Wirkstofflexikon: T
Tranexamsäure
wird aus der Aminosäure Lysin gewonnen und ist wasserlöslich. In der Medizin wird sie seit Langem zur Stillung von Blutungen verwendet. Die Dermatologie nutzt sie erfolgreich bei Pigmentstörungen (z. B. ausgelöst durch UV-Strahlen, Entzündungen oder hormonelles Ungleichgewicht), Rötungen und Pickelmalen. Die Wirkung von Tranexamsäure ist nicht pH-Wert-abhängig, d. h., sie wirkt auch in Formulierungen mit hautneutralem pH-Wert. Darüber hinaus zeichnet sie sich durch eine hervorragende Verträglichkeit aus, sogar bei sehr sensibler Haut.
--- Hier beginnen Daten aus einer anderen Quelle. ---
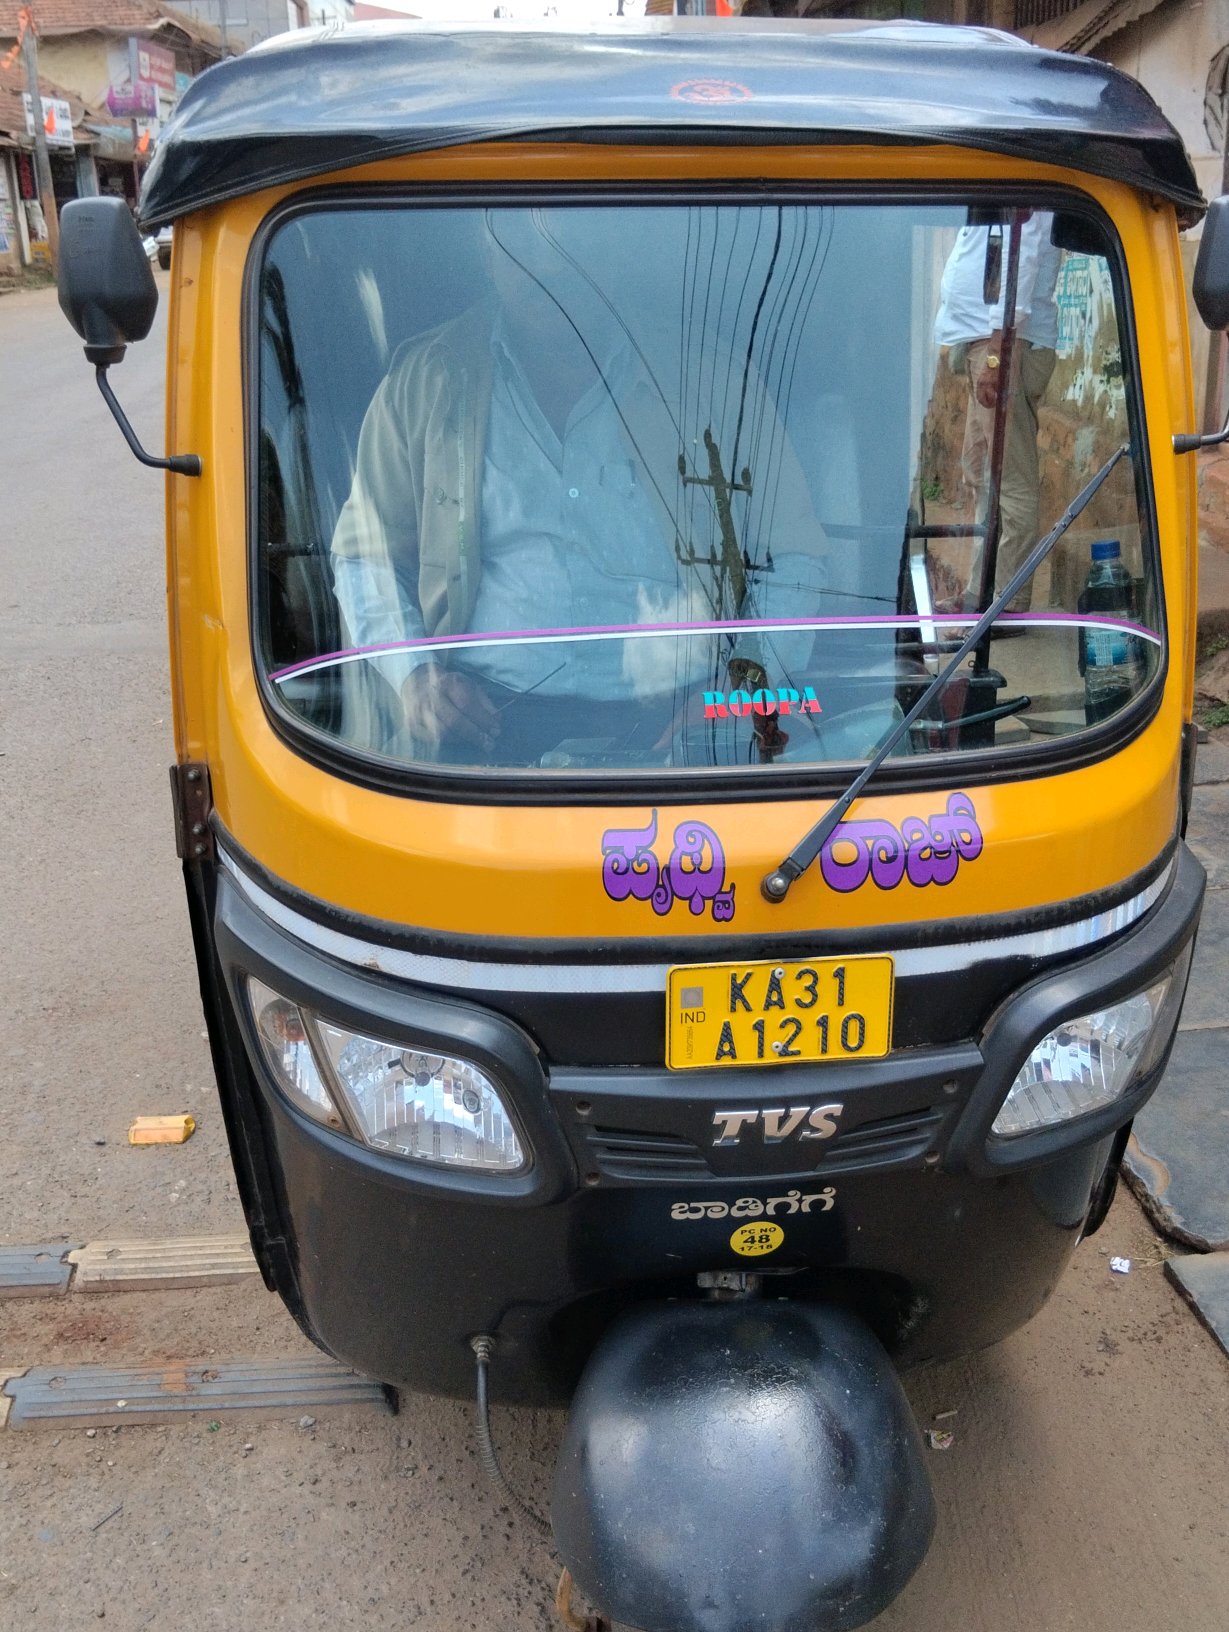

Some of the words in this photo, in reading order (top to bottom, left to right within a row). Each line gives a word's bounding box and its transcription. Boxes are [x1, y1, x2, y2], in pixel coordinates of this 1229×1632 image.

Der Wirkmechanismus von Tranexamsäure ist umfangreich, u. a. wird in den Melanozyten die Pigmentbildung verhindert und reduziert. Tanexamsäure wirkt in Kombination mit Niacinamid besonders effektiv, aber die depigmentierende Wirkung braucht etwas Zeit. Es sollten immer 8–12 Wochen regelmäßige Anwendung eingeplant werden, bevor Verbesserungen erkennbar sind.